» Problem: Give the listing again in full, exactly as it appears.

★ ★ ★ ★

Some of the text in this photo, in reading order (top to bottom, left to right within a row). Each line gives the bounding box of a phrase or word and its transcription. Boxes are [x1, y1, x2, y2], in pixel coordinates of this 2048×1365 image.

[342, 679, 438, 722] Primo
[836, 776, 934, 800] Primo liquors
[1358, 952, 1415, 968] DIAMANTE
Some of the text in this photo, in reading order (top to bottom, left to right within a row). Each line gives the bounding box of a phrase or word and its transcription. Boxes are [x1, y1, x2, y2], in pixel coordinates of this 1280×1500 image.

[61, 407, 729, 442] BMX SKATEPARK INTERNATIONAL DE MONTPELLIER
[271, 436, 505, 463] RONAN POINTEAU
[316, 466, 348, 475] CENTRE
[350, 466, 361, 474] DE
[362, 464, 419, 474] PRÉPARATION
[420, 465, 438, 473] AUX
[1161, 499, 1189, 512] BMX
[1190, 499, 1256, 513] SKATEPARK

★ ★ ★ ★

» Solution:
Some of the text in this photo, in reading order (top to bottom, left to right within a row). Each line gives the bounding box of a phrase or word and its transcription. Boxes are [x1, y1, x2, y2], in pixel coordinates of this 2048×1365 image.

[342, 679, 438, 722] Primo
[836, 776, 934, 800] Primo liquors
[1358, 952, 1415, 968] DIAMANTE
Some of the text in this photo, in reading order (top to bottom, left to right within a row). Each line gives the bounding box of a phrase or word and its transcription. Boxes are [x1, y1, x2, y2], in pixel coordinates of this 1280×1500 image.

[61, 407, 729, 442] BMX SKATEPARK INTERNATIONAL DE MONTPELLIER
[271, 436, 505, 463] RONAN POINTEAU
[316, 466, 348, 475] CENTRE
[350, 466, 361, 474] DE
[362, 464, 419, 474] PRÉPARATION
[420, 465, 438, 473] AUX
[1161, 499, 1189, 512] BMX
[1190, 499, 1256, 513] SKATEPARK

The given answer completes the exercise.